- **Task to complete**: Word for word, and with pictures excluded, copy out all the records that follow.

Segment Open

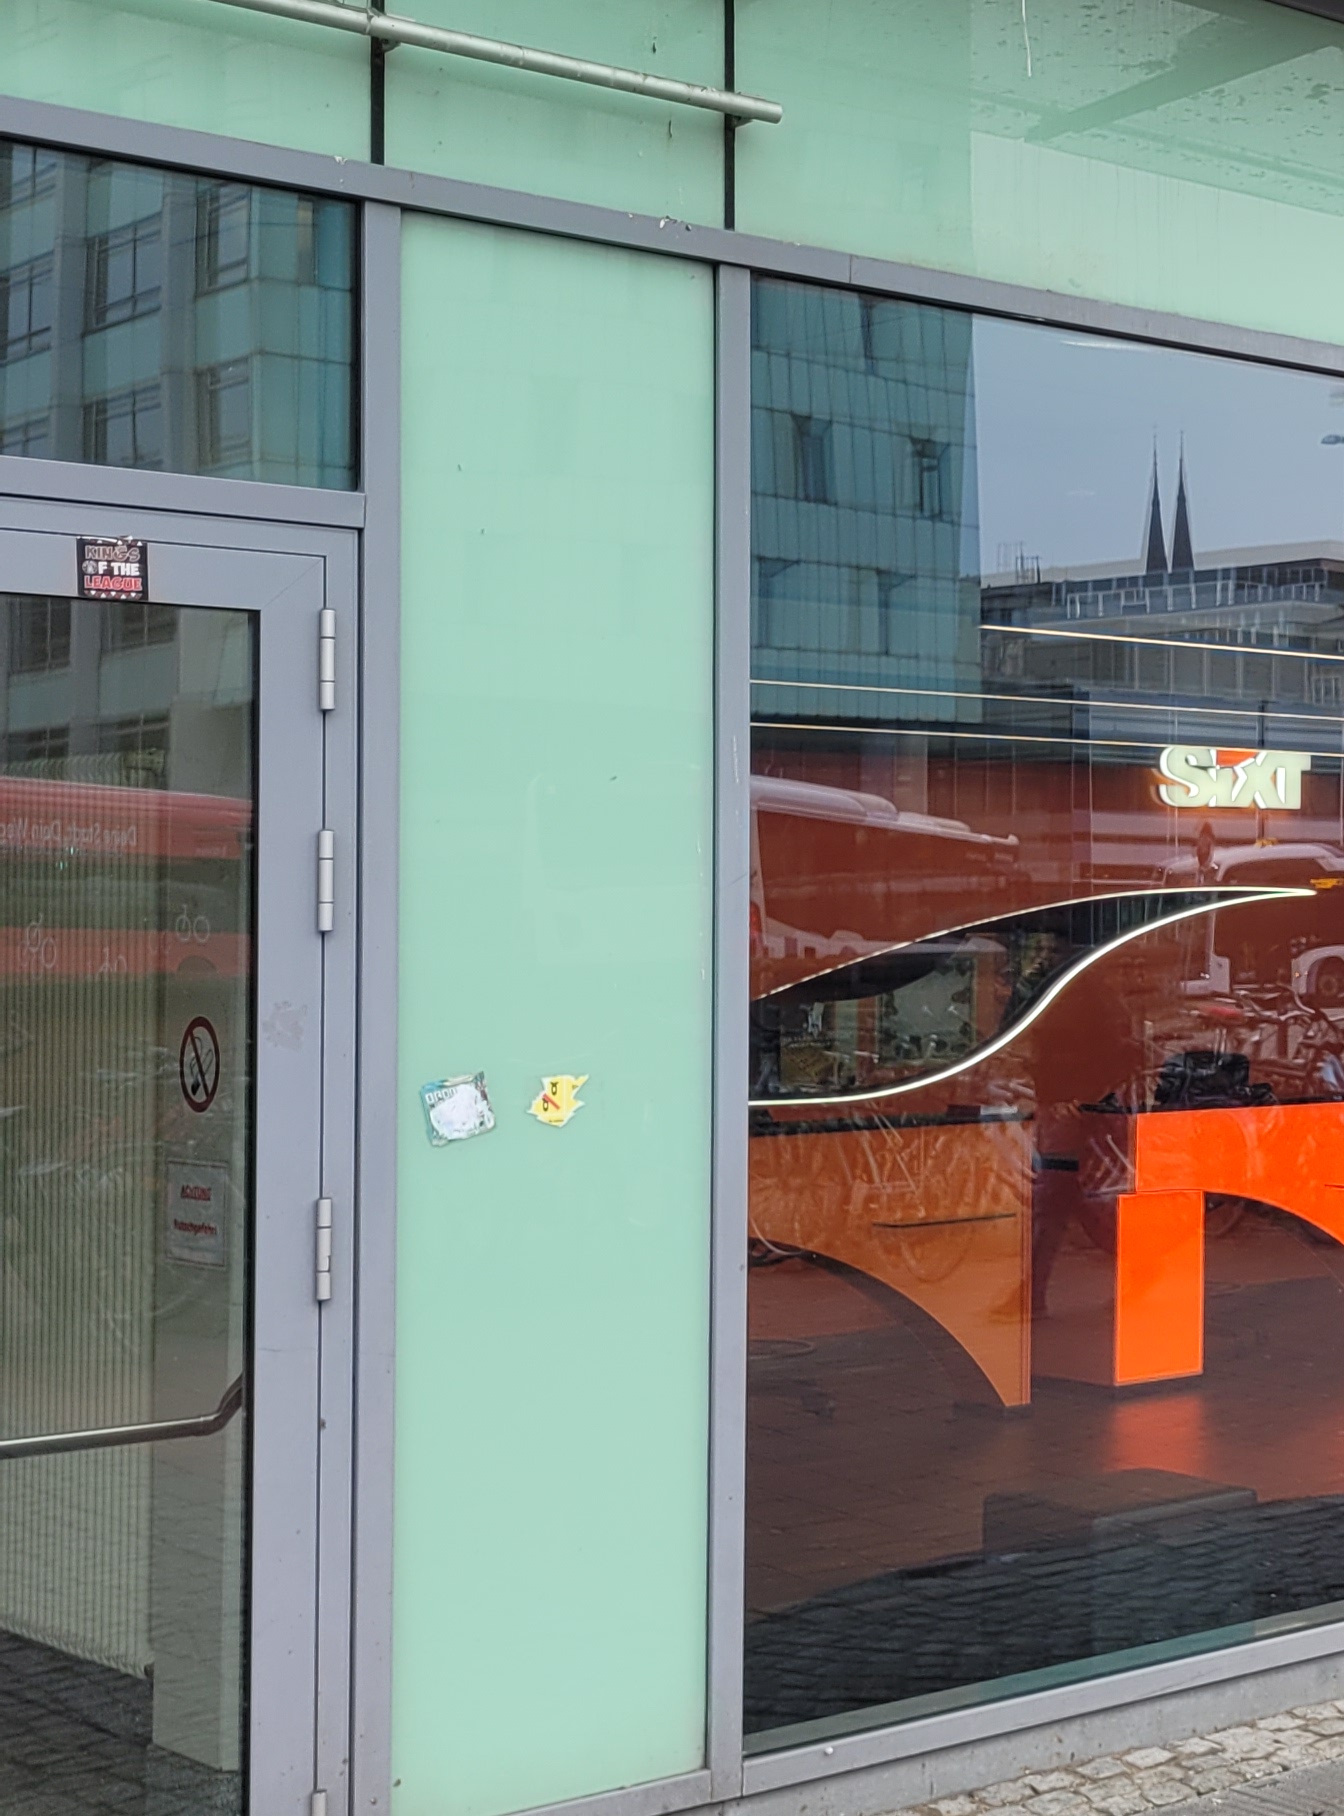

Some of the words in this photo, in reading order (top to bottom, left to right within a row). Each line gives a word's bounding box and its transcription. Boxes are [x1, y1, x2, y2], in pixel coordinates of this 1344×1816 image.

[84, 544, 141, 562] KINGS
[110, 562, 140, 576] THE
[84, 575, 143, 591] LEAGUE
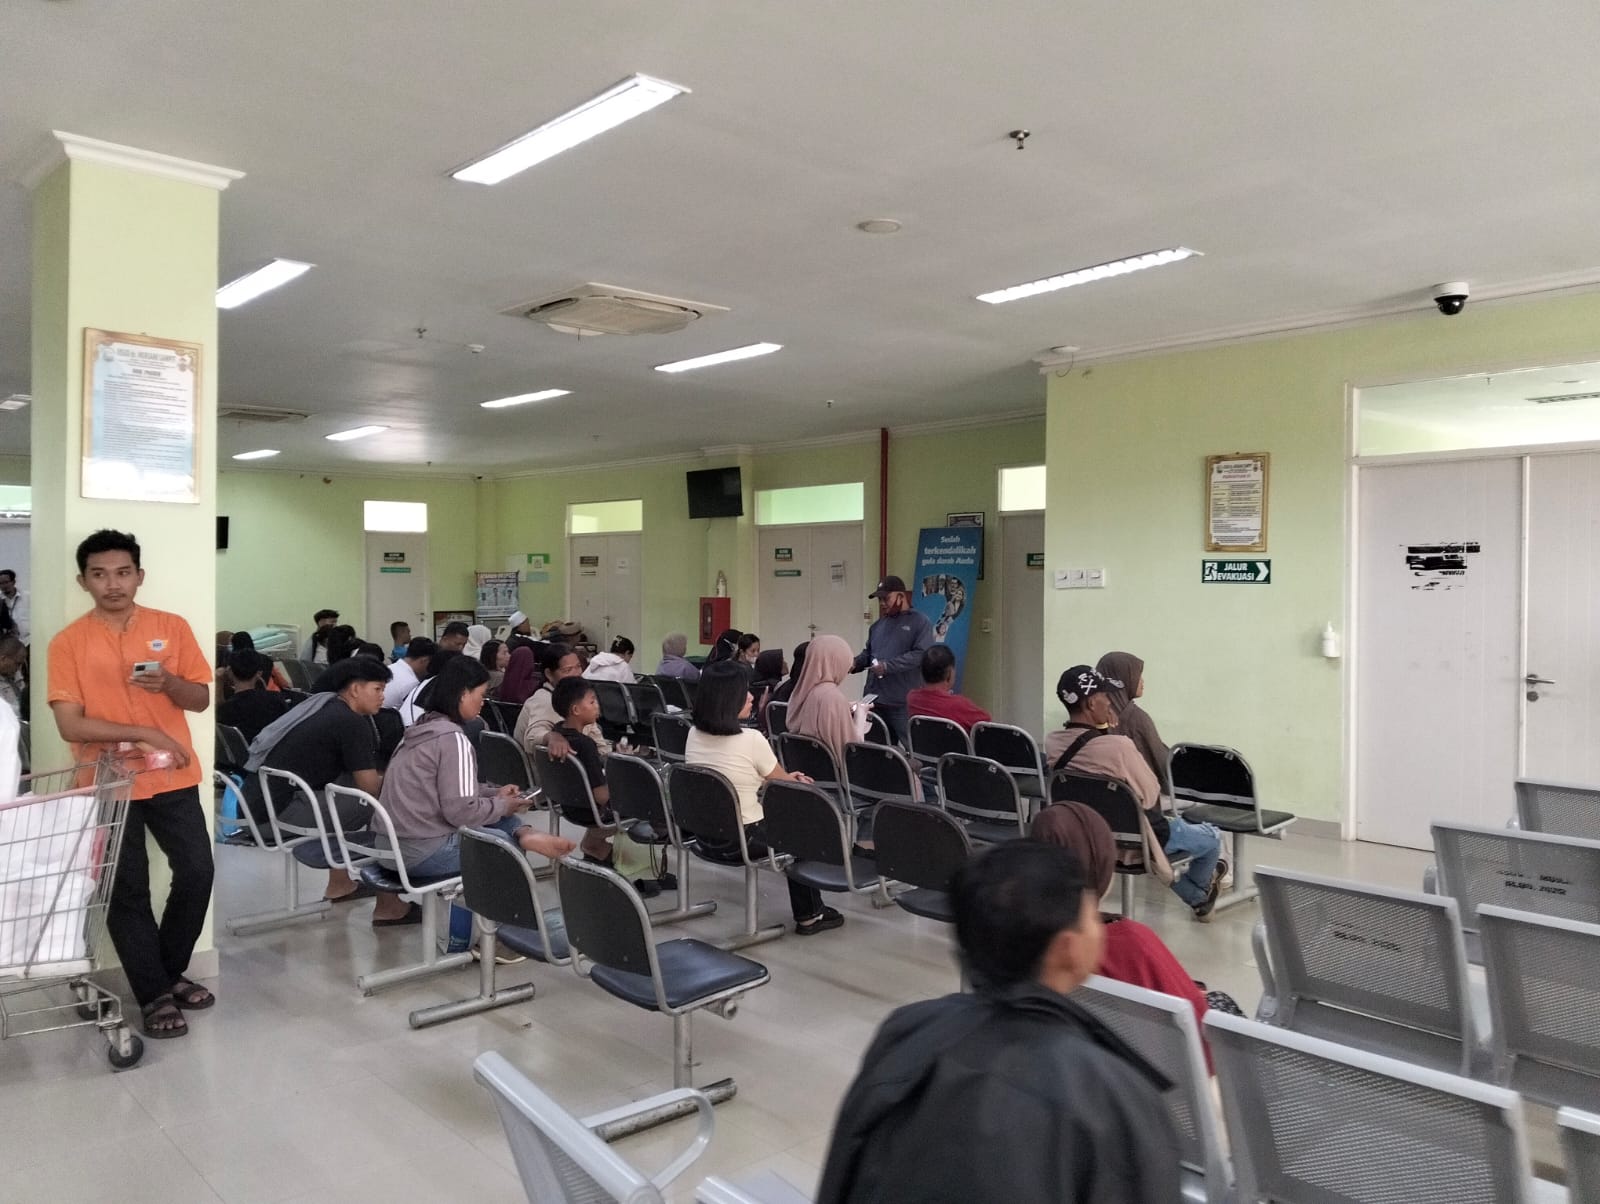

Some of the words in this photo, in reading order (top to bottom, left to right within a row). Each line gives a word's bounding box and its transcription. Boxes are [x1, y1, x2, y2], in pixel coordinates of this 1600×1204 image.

Segment Closed

- **Your response**:
Some of the words in this photo, in reading order (top to bottom, left to right within a row). Each line gives a word's bounding box and its transcription. Boxes are [x1, y1, x2, y2], in pixel coordinates of this 1344×1816 image.

[84, 544, 141, 562] KINGS
[110, 562, 140, 576] THE
[84, 575, 143, 591] LEAGUE

Some of the words in this photo, in reading order (top to bottom, left to right within a row). Each line gives a word's bounding box and its transcription. Boxes are [x1, y1, x2, y2], in pixel coordinates of this 1600×1204 image.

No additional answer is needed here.